Читать книгу From the Holy Mountain: A Journey in the Shadow of Byzantium - William Dalrymple - Страница 12

ISTANBUL, 20 JULY

Оглавление

John Moschos did not like Constantinople, and he makes this dislike quite apparent in The Spiritual Meadow. One of his Constantinople stories concerns the astonishing sexual appetites of the Emperor Zeno; another is about a priest in the capital who ‘was indulging in murder and dabbling in witchcraft’; a third is an anti-Semitic rant against a Jewish glassblower who tries to burn his eldest son to death after the boy announces that he plans to convert to Christianity. There are several other such tales, all designed to show the Byzantine capital – ‘the city where the wicked rulers lived’ – in a very dim light.

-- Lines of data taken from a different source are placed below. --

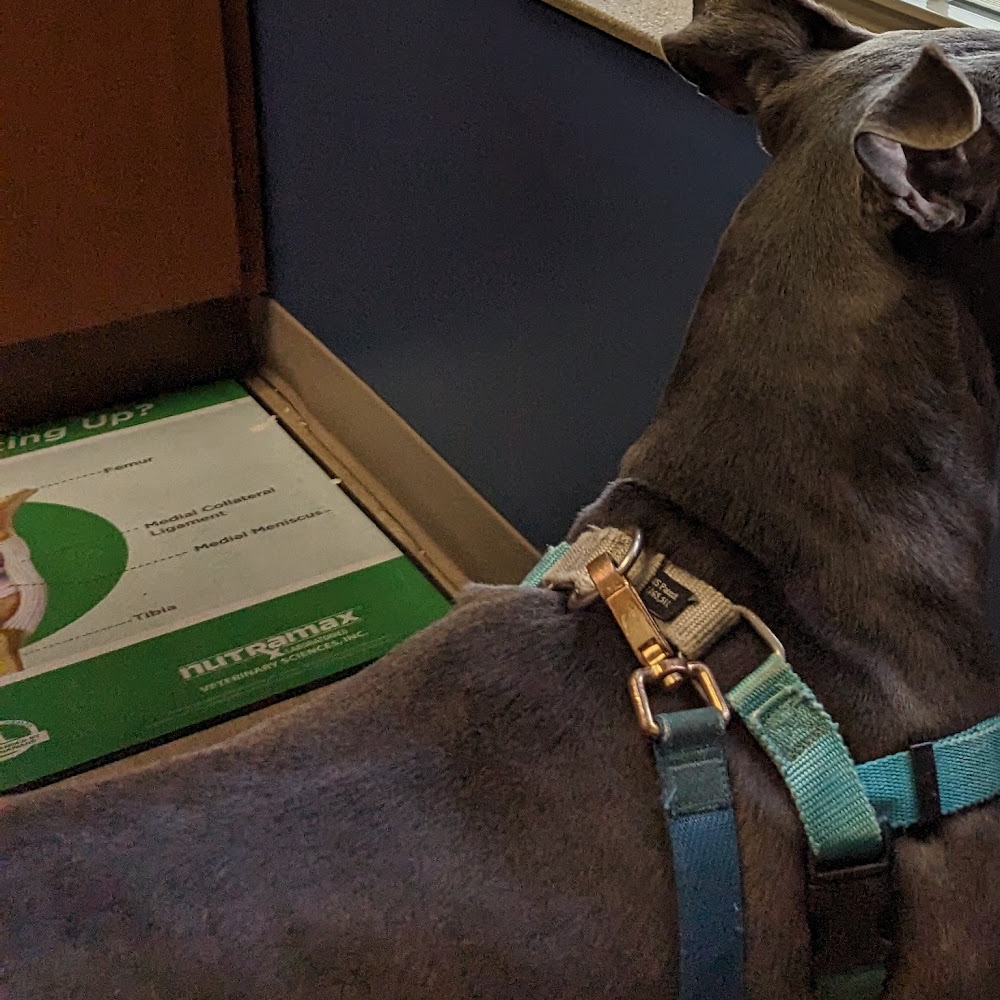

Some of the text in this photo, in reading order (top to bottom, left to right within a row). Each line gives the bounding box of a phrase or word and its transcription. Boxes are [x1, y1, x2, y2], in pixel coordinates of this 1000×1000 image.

[82, 403, 154, 430] Up?
[103, 457, 154, 474] Femur
[144, 487, 276, 529] Medial Collateral
[149, 510, 229, 537] Ligament
[193, 510, 323, 552] Medial Meniscus
[132, 605, 178, 621] Tibia
[199, 661, 279, 692] VETERINARY
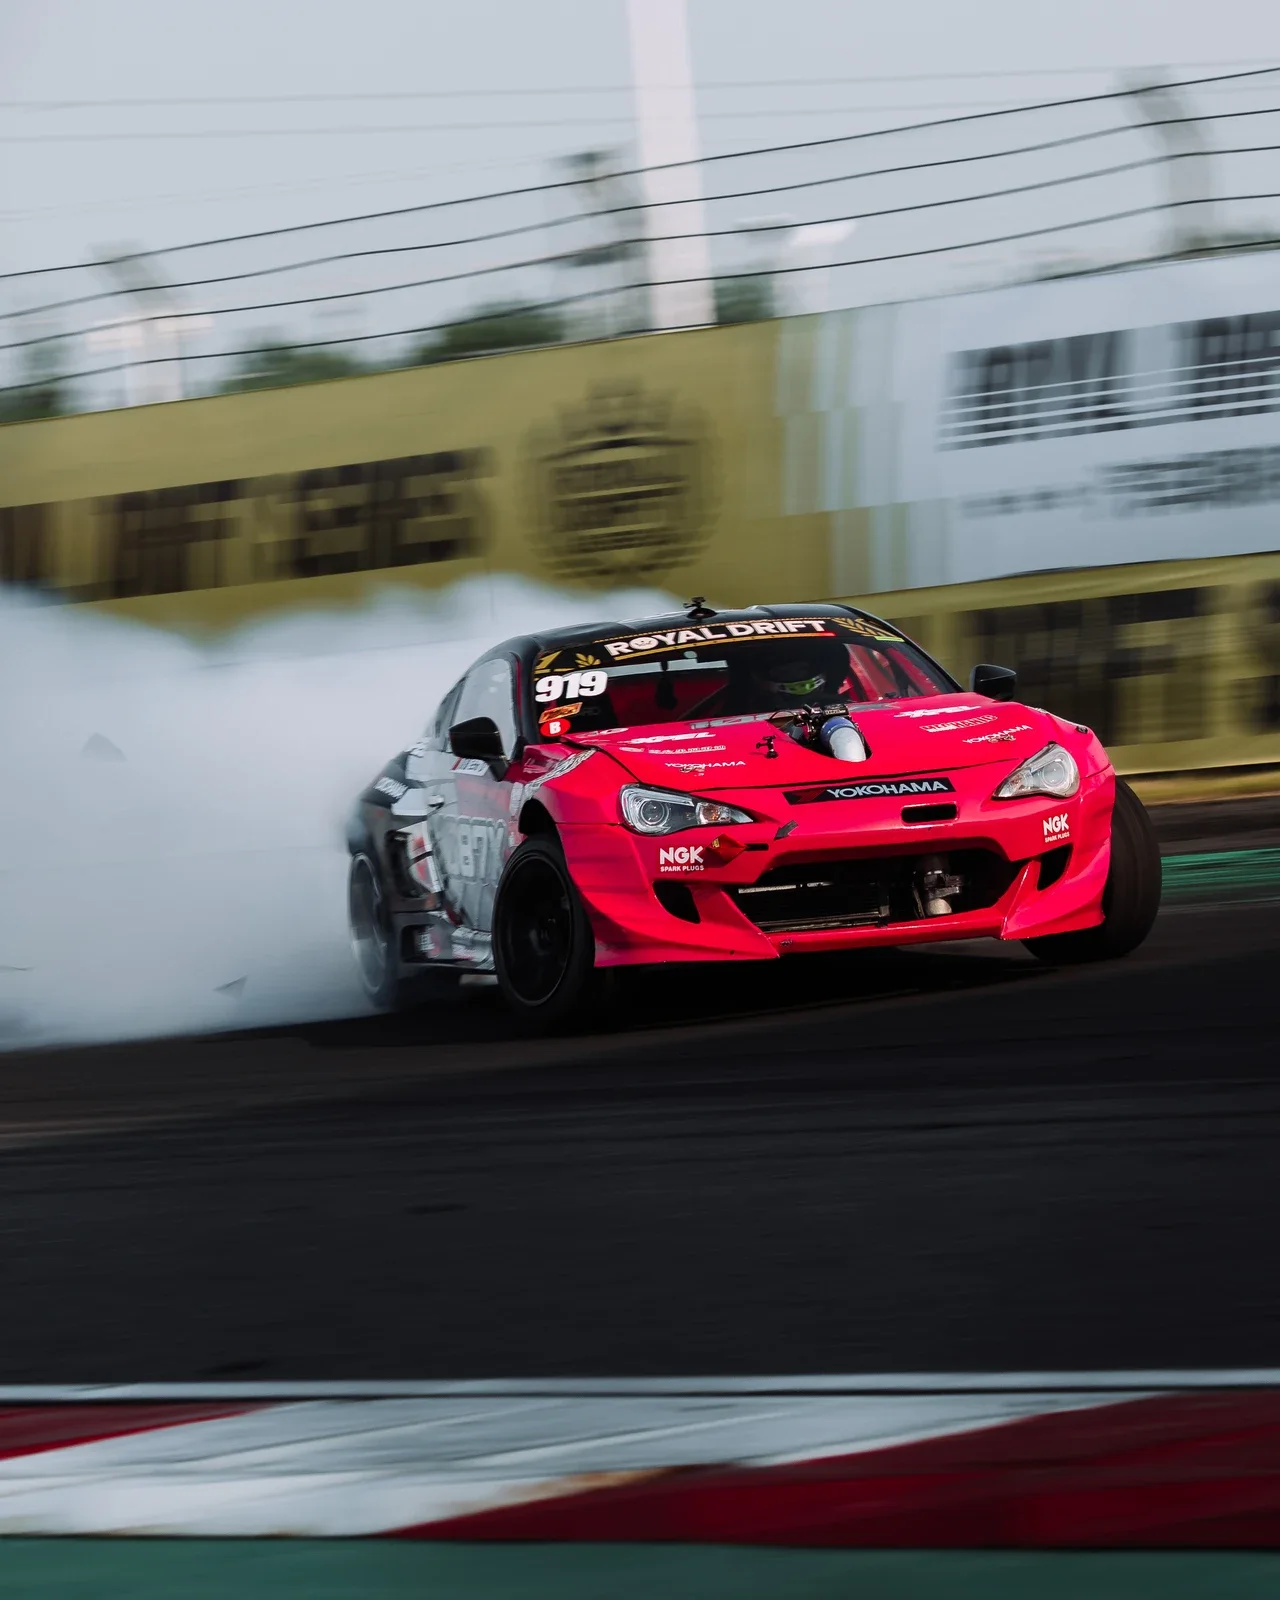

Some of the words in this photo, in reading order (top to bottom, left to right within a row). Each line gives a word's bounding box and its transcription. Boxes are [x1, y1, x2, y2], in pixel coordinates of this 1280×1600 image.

In some ways, Moschos’s reaction is a little surprising. After all the monk admired the other two great Byzantine metropolises – Antioch and Alexandria – for their learning, and this was something in which the Imperial capital also excelled. Certainly Constantinople’s university could not compare with that of Alexandria, but ever since the Emperor Theodosius II endowed a number of chairs in subjects such as medicine, grammar, rhetoric, law and philosophy, it had grown in size and stature, its reputation augmented by the presence nearby of the city’s great public library.

Shortly before John Moschos arrived in the capital, his friend and mentor Stephen the Sophist had been lured to Constantinople from the School of Alexandria, where for many years he had lectured on medicine, philosophy, astronomy, astrology, horoscopy and ecclesiastical computus. Stephen should have been able to introduce Moschos to Constantinople’s leading luminaries, men like the great historian Theophylact Simocatta; yet there is no indication in Moschos’s writing that he met any particularly inspiring figures during his stay in the city.

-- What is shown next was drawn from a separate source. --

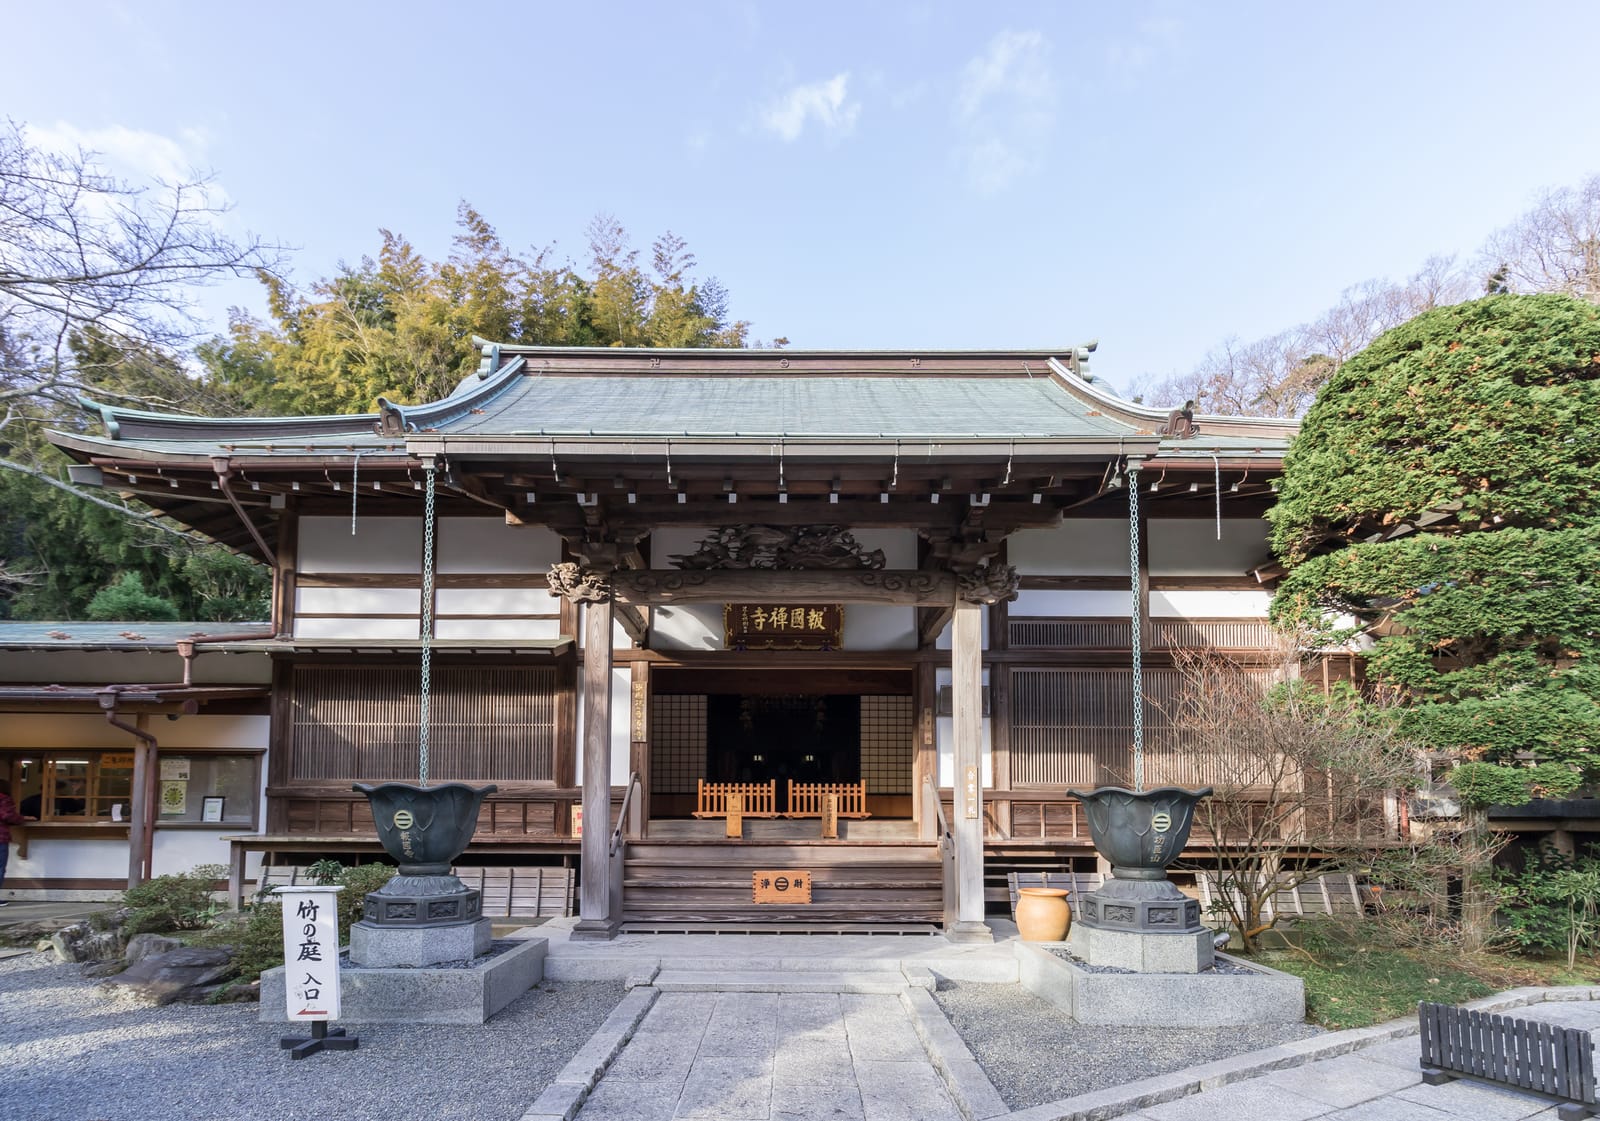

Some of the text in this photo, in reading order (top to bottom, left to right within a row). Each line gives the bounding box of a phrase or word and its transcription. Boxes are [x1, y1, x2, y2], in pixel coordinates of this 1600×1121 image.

[297, 899, 322, 1000] 竹の庭 入口

There was another attraction which should have recommended Constantinople to Moschos: its extraordinary number of sacred relics. Moschos comments on the existence of such relics in almost every place he writes about; only in Constantinople does he omit to mention the number of holy objects on show in the churches, even though the capital’s collection was the finest in Christendom. In one shrine alone, that under the Porphyry Column in the Forum of Constantine, were secreted the holy nails used in the crucifixion, the axe with which Noah built the Ark, and the Dodekathronon, the twelve baskets in which had been collected the leftover loaves and fishes from the feeding of the five thousand, which had been miraculously rediscovered by the dowager Empress Helena near the Sea of Galilee. Elsewhere in the city could be found the Crown of Thorns, the head of John the Baptist (‘complete with hair and beard’, according to one source,) the bodies of most of the innocents murdered by King Herod, and great chunks of the True Cross.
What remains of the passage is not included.